R (on the application of Derwent Holdings Ltd) v Liverpool City Council
Urban regeneration – Traffic regulation order (TRO) – Retail park – Claimant owning land adjacent to road – Defendant council failing to consult claimant or notify it of TRO – Claimant discovering existence of TRO after expiration of time limit for challenge – Whether defendants complying with procedural requirements – Application dismissed
The defendant council with others had established the first interested party in order to provide a brief for a project aimed at improving the eastern approach roads to Liverpool (Edge Lane). The claimant company was registered and based in Bermuda. It owned a retail park that abutted Edge Lane and had engaged in discussions with the first interested party with a view to developing the park. Its proposals would dramatically alter the streetscape and had to be accounted for in the Edge Lane project.

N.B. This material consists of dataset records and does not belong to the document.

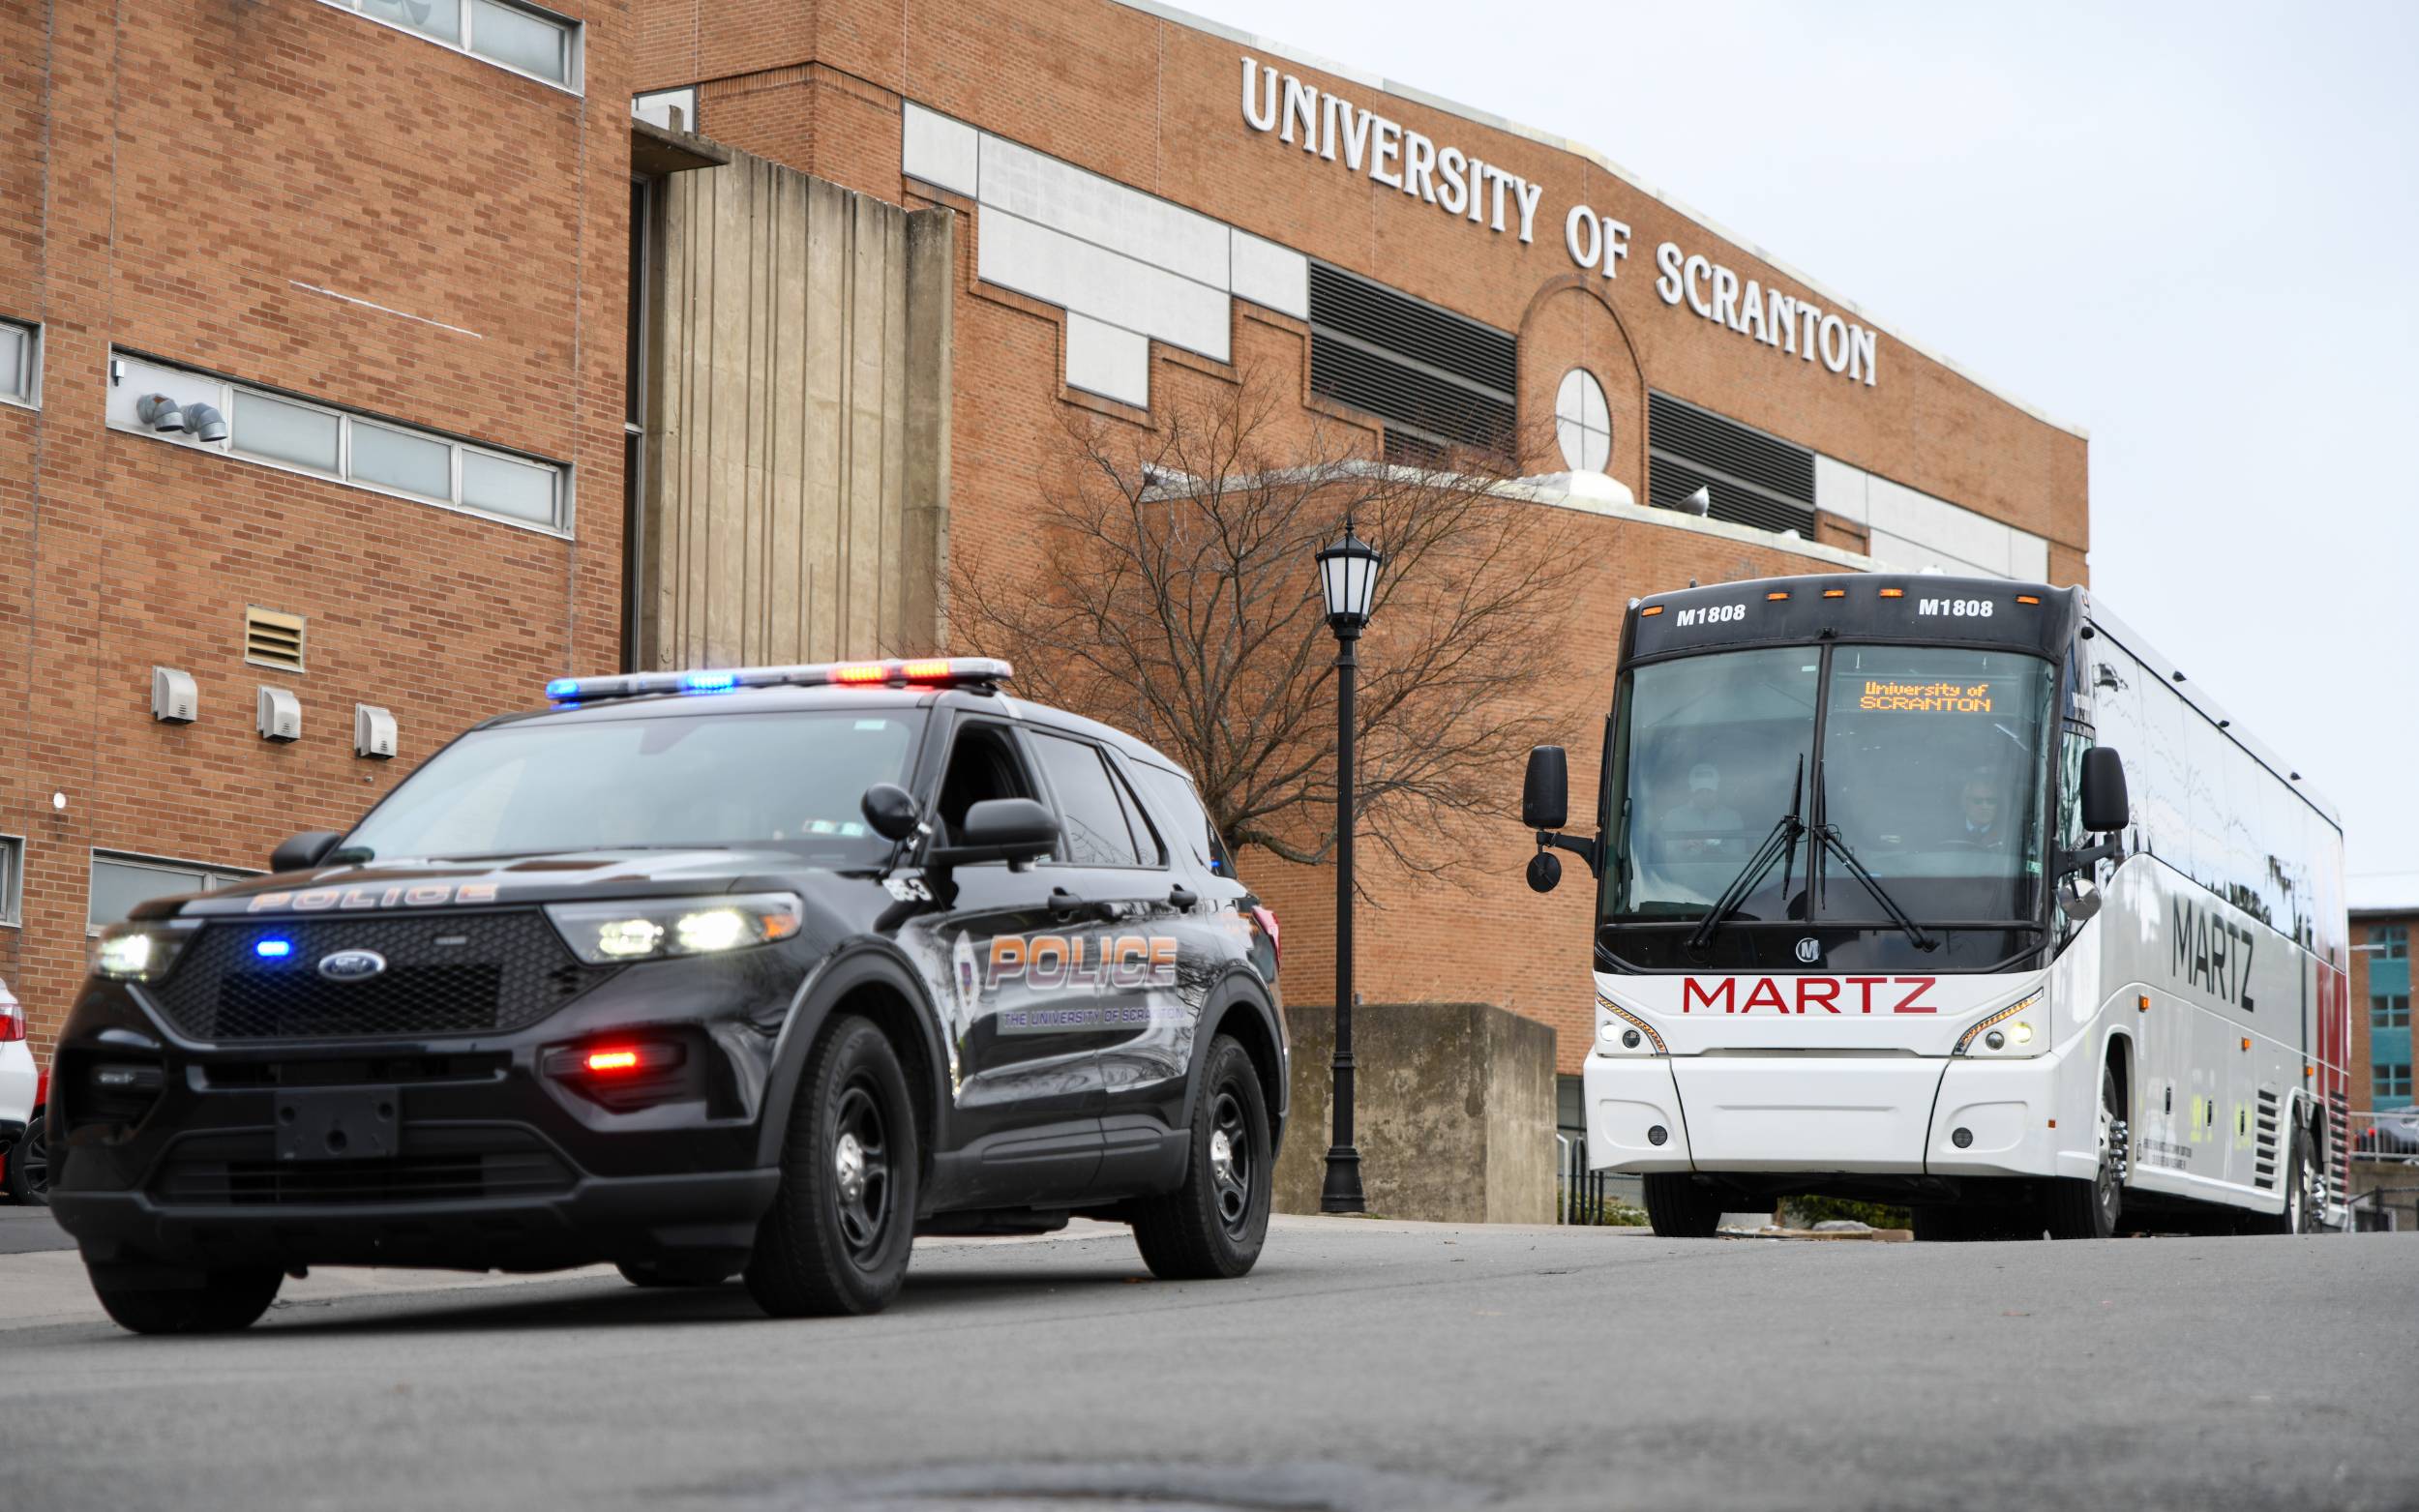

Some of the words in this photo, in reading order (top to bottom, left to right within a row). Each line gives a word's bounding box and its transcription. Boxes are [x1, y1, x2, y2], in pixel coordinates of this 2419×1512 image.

[1240, 56, 1542, 244] UNIVERSITY
[1566, 204, 1631, 280] OF
[1656, 242, 1878, 387] SCRANTON
[1676, 604, 1747, 628] M1808
[1919, 598, 1994, 618] M1808
[1865, 681, 1961, 697] University
[1967, 683, 1989, 697] of
[1860, 696, 1991, 712] SCRANTON
[247, 882, 499, 913] POLICE
[985, 934, 1178, 990] POLICE
[2172, 890, 2255, 1013] MARTZ
[1683, 977, 1938, 1014] MARTZ
[1004, 1012, 1027, 1027] THE
[1030, 1009, 1101, 1026] UNIVERSITY
[1104, 1008, 1120, 1023] OF
[1121, 1006, 1185, 1022] SCRATON

In November 2006, the defendants made a traffic regulation order (TRO) that created a central reservation in Edge Lane, thereby making it impossible for traffic travelling in an easterly direction to turn right into three access roads leading to the retail park. That left one access way only, which necessitated the need to make a U-turn to enter two other roads. The TRO was made pursuant to powers conferred by sections 1, 2 and 84 of and Schedule 9 to the Road Traffic Regulation Act 1984. The claimant challenged the TRO.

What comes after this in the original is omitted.